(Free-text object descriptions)
======

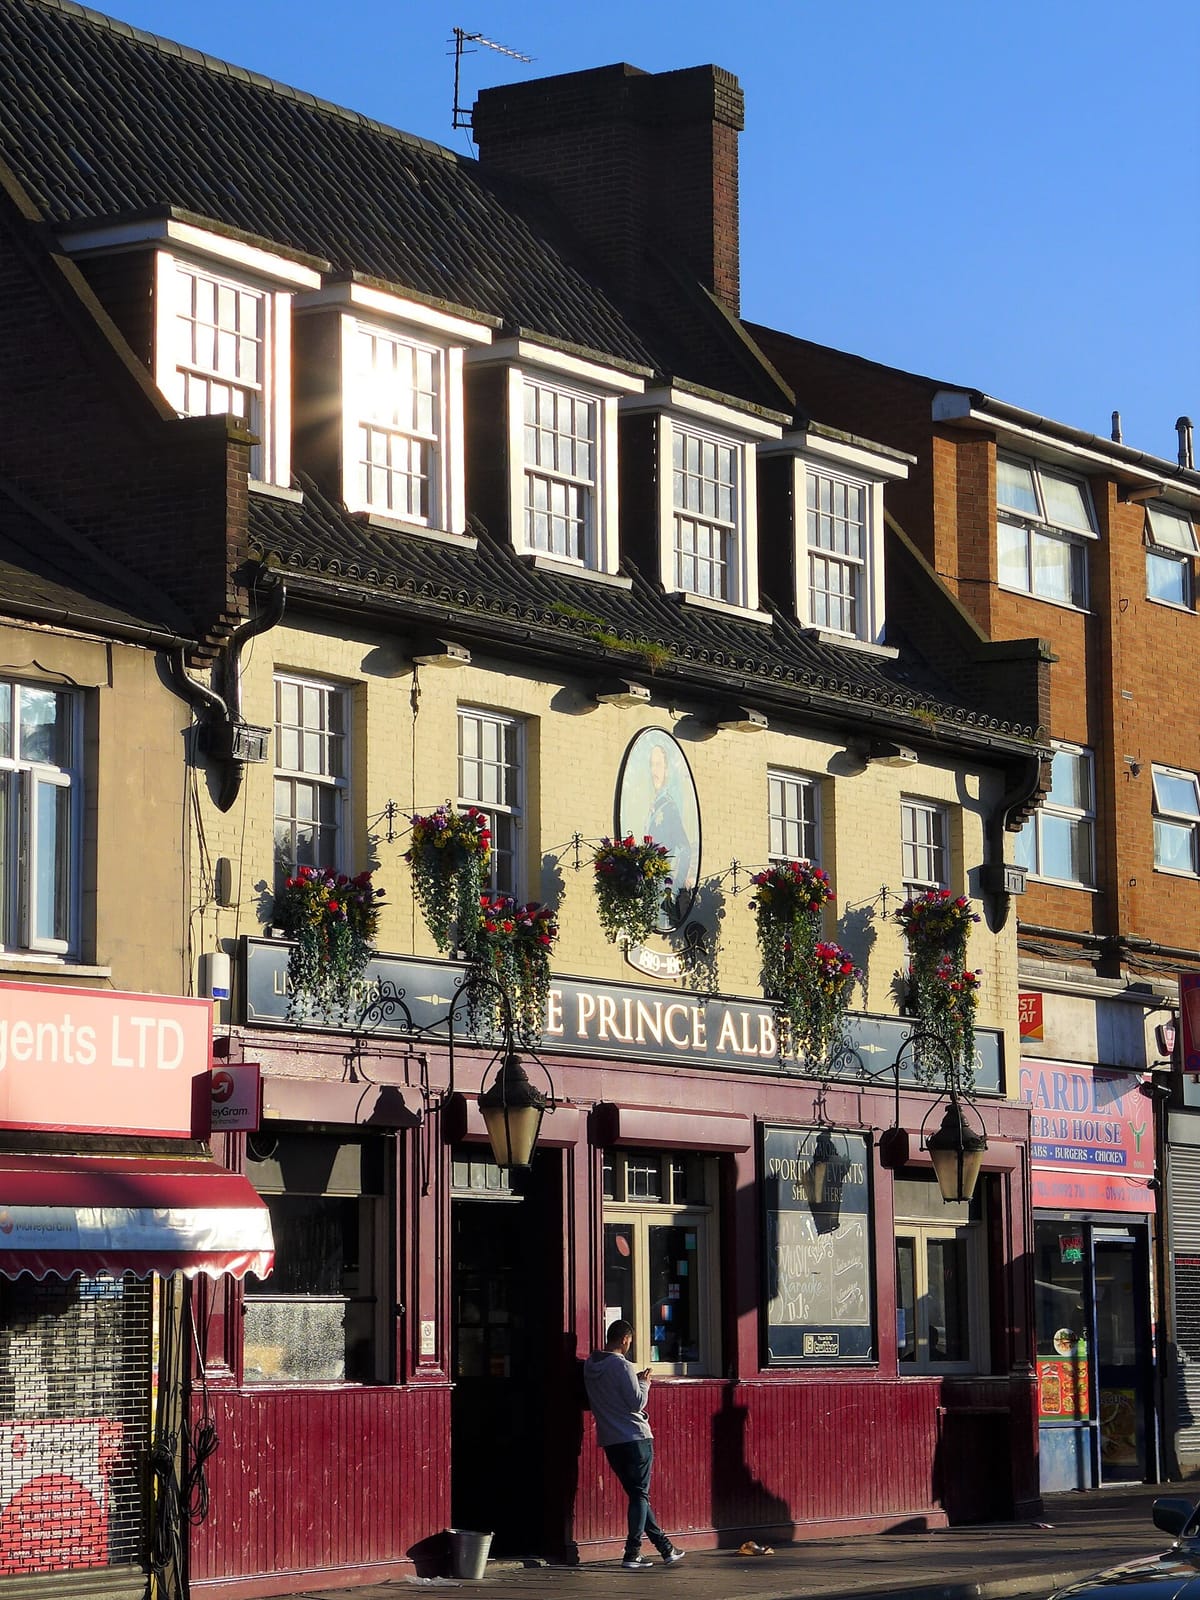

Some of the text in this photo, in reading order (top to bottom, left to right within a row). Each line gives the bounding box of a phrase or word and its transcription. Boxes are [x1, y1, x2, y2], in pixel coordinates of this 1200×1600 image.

[1018, 998, 1037, 1010] ST
[576, 992, 707, 1051] PRINCE
[1018, 1011, 1037, 1023] AT
[0, 1013, 185, 1072] ents LTD
[1019, 1068, 1125, 1117] GARDEN
[212, 1106, 248, 1119] eyGram
[1031, 1115, 1122, 1145] EBAB HOUSE
[1031, 1144, 1124, 1164] ABS BURGERS CHICKEN
[769, 1158, 820, 1183] SPORTIN
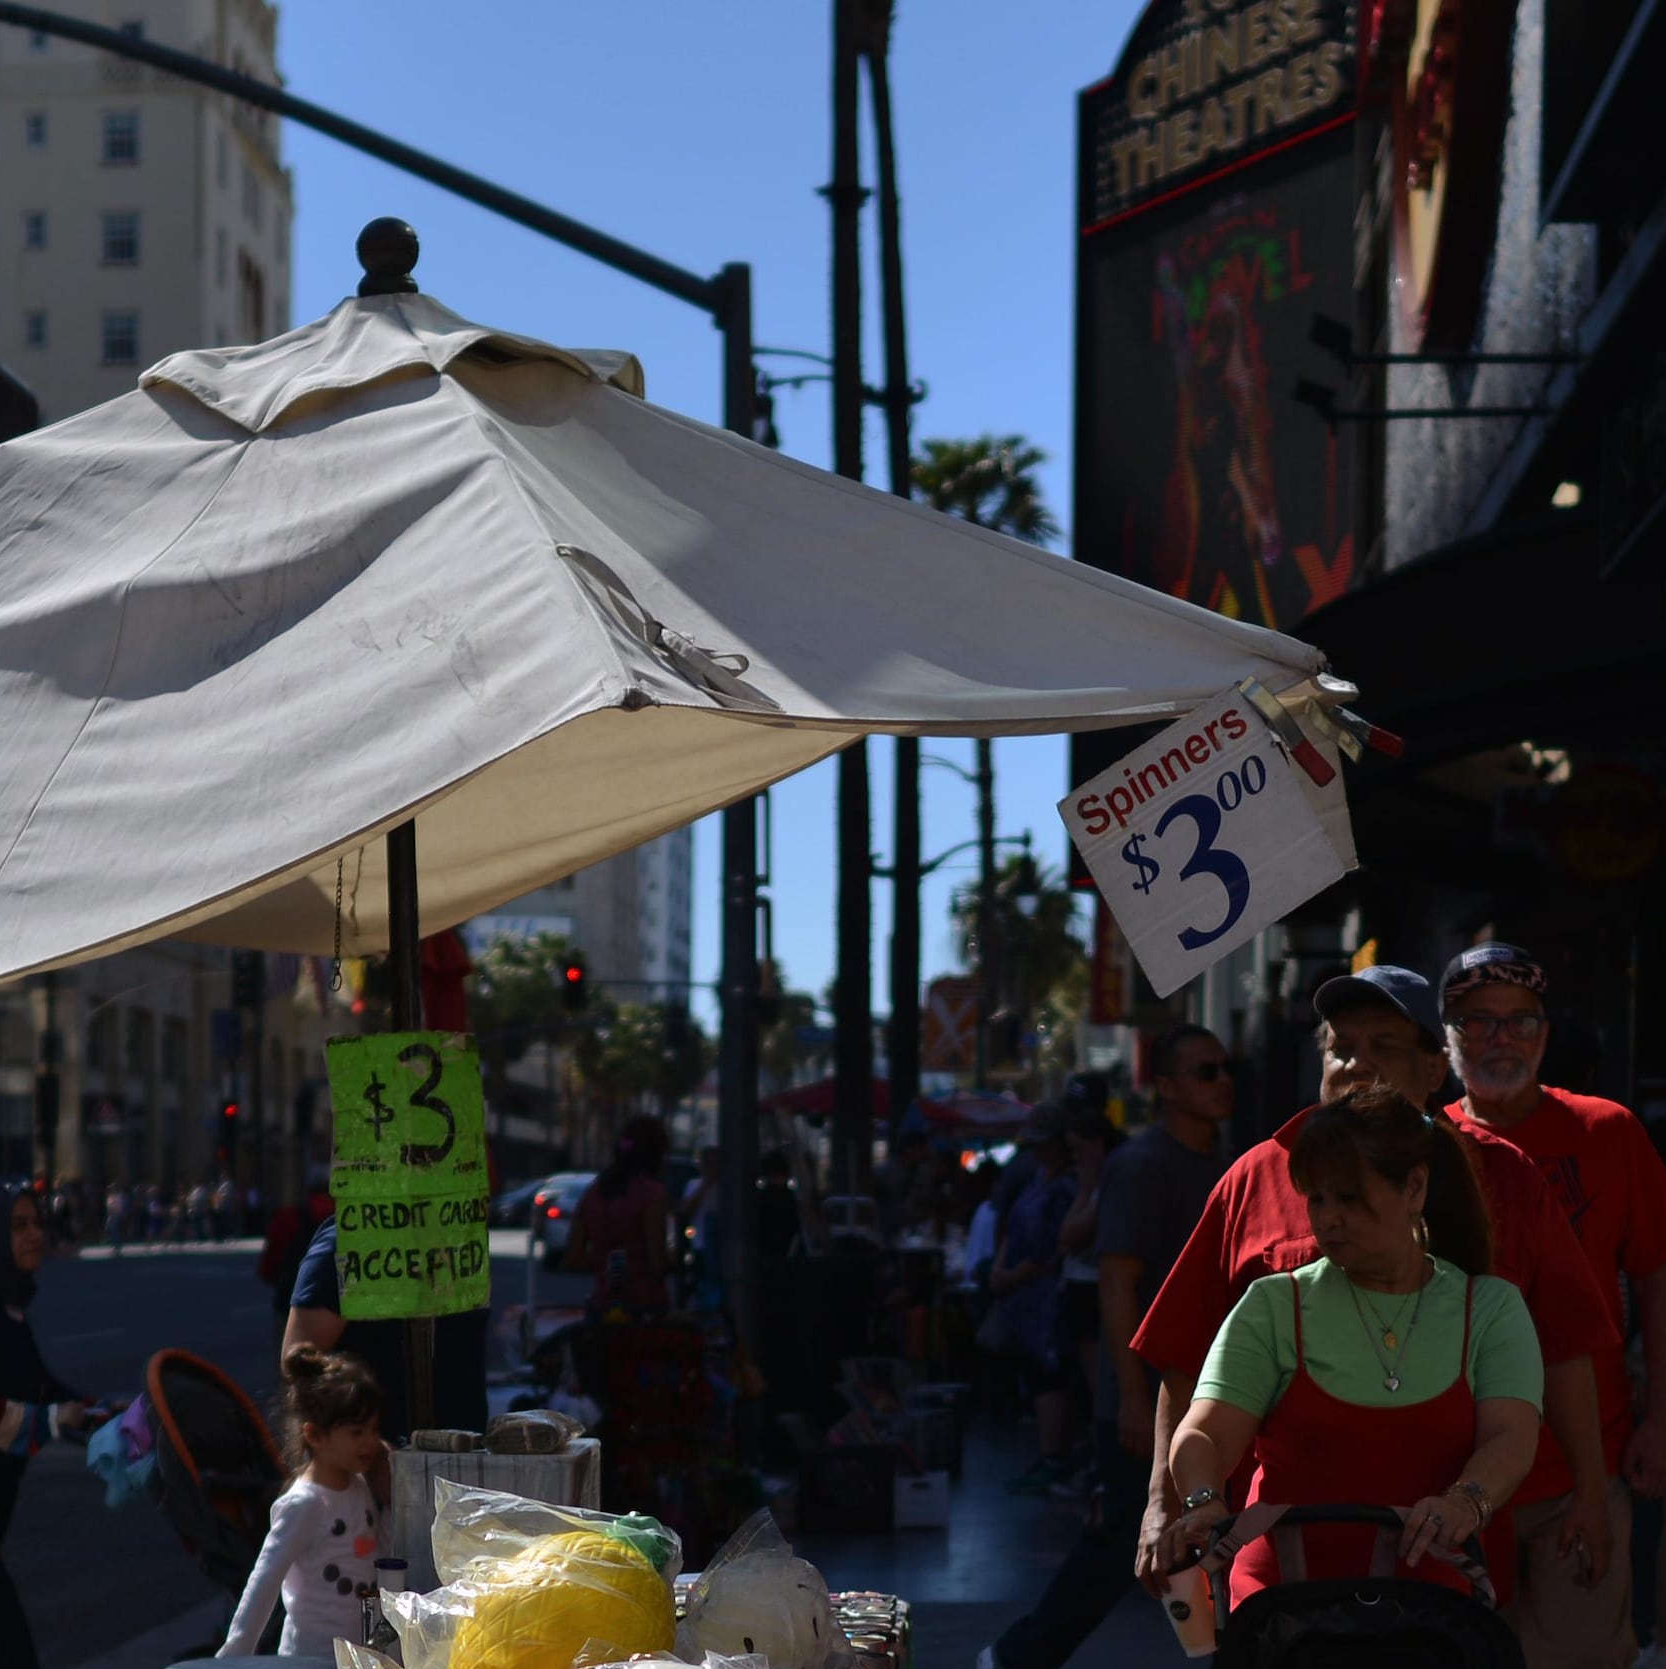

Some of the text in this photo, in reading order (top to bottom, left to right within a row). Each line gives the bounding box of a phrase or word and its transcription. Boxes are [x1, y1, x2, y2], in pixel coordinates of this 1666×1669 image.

[1108, 42, 1343, 198] THEATRES
[1126, 0, 1327, 120] CHINESE
[1076, 709, 1248, 835] Spinners
[340, 1202, 432, 1231] CREDIT
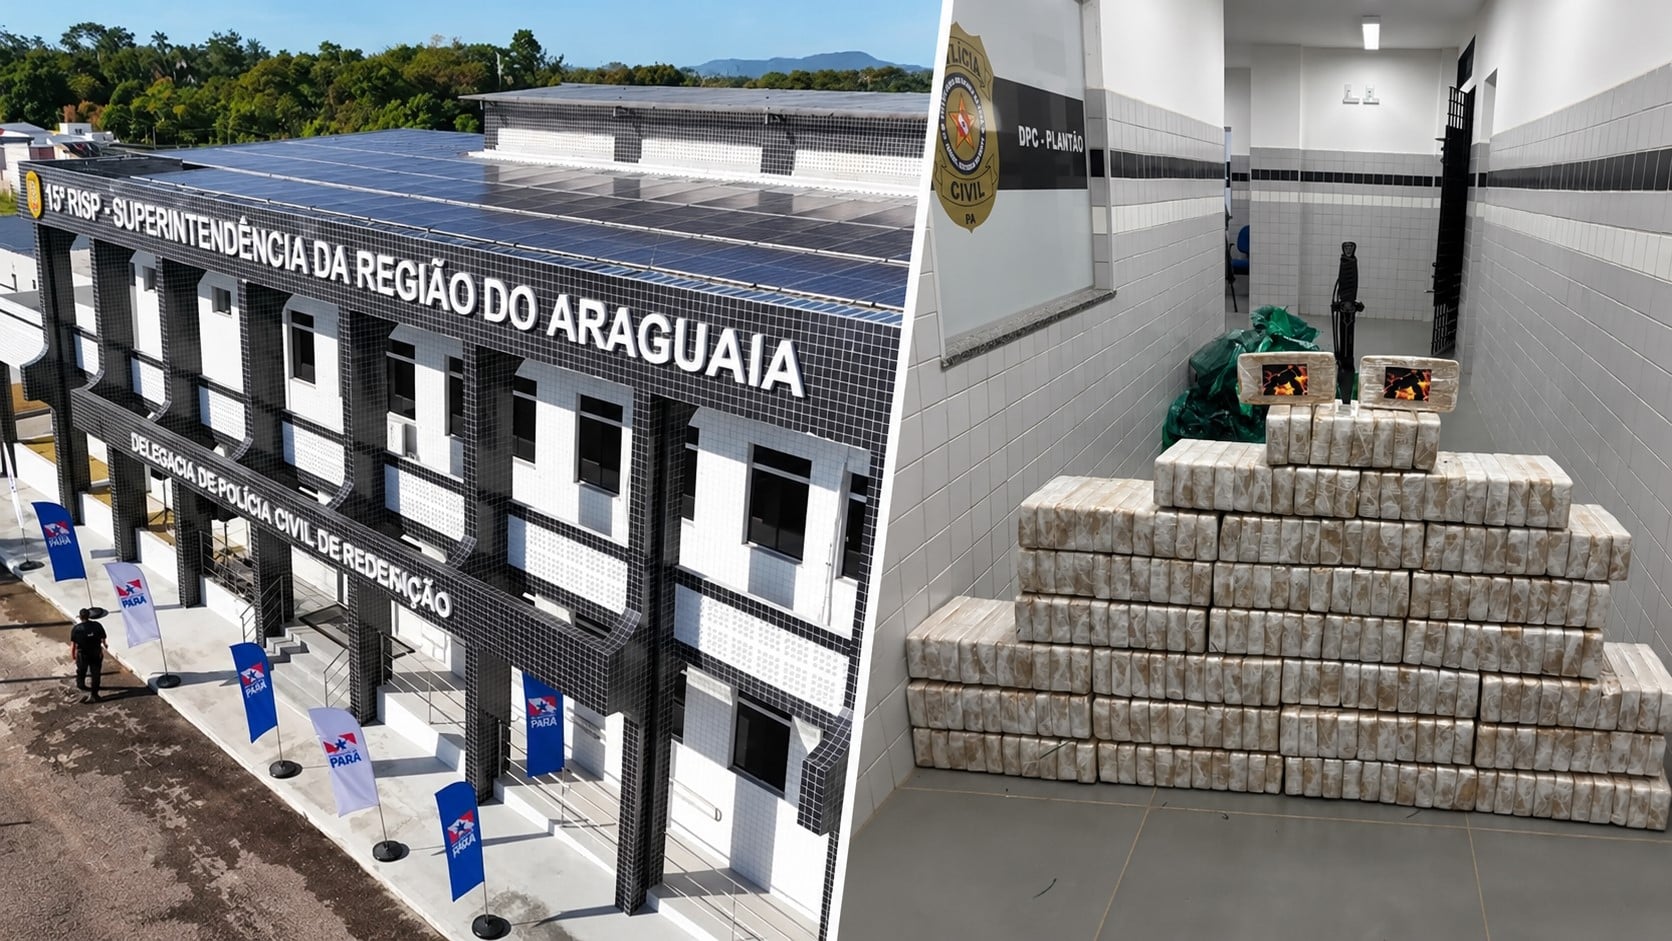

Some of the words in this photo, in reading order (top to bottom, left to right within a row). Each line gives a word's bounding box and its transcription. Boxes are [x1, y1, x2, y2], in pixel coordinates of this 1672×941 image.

[1018, 125, 1039, 148] DPC
[1046, 130, 1084, 153] PLANTÃO
[951, 181, 985, 202] CIVIL
[965, 213, 976, 225] PA
[67, 187, 101, 221] RISP
[112, 195, 311, 274] SUPERINTENDÊNCIA
[313, 240, 351, 285] DA
[356, 250, 478, 315] REGIÃO
[484, 277, 540, 331] DO
[546, 294, 806, 398] ARAGUAIA
[131, 432, 197, 483] DELEGACIA
[198, 466, 217, 494] DE
[218, 477, 272, 525] POLÍCIA
[274, 507, 315, 547] CIVIL
[317, 528, 340, 561] DE
[342, 542, 453, 618] REDENÇÃO

======

■ EXERCISE BRIEF ■
Drop the images; return the entries above exactly as they appear.

■ SOLUTION FOR THIS PROBLEM ■
Some of the text in this photo, in reading order (top to bottom, left to right within a row). Each line gives the bounding box of a phrase or word and its transcription. Boxes are [x1, y1, x2, y2], in pixel coordinates of this 1200×1600 image.

[1018, 998, 1037, 1010] ST
[576, 992, 707, 1051] PRINCE
[1018, 1011, 1037, 1023] AT
[0, 1013, 185, 1072] ents LTD
[1019, 1068, 1125, 1117] GARDEN
[212, 1106, 248, 1119] eyGram
[1031, 1115, 1122, 1145] EBAB HOUSE
[1031, 1144, 1124, 1164] ABS BURGERS CHICKEN
[769, 1158, 820, 1183] SPORTIN

Some of the text in this photo, in reading order (top to bottom, left to right within a row). Each line gives the bounding box of a phrase or word and its transcription. Boxes are [x1, y1, x2, y2], in pixel coordinates of this 1666×1669 image.

[1108, 42, 1343, 198] THEATRES
[1126, 0, 1327, 120] CHINESE
[1076, 709, 1248, 835] Spinners
[340, 1202, 432, 1231] CREDIT

Some of the words in this photo, in reading order (top to bottom, left to right within a row). Each line gives a word's bounding box and its transcription. Boxes are [x1, y1, x2, y2], in pixel coordinates of this 1672×941 image.

[1018, 125, 1039, 148] DPC
[1046, 130, 1084, 153] PLANTÃO
[951, 181, 985, 202] CIVIL
[965, 213, 976, 225] PA
[67, 187, 101, 221] RISP
[112, 195, 311, 274] SUPERINTENDÊNCIA
[313, 240, 351, 285] DA
[356, 250, 478, 315] REGIÃO
[484, 277, 540, 331] DO
[546, 294, 806, 398] ARAGUAIA
[131, 432, 197, 483] DELEGACIA
[198, 466, 217, 494] DE
[218, 477, 272, 525] POLÍCIA
[274, 507, 315, 547] CIVIL
[317, 528, 340, 561] DE
[342, 542, 453, 618] REDENÇÃO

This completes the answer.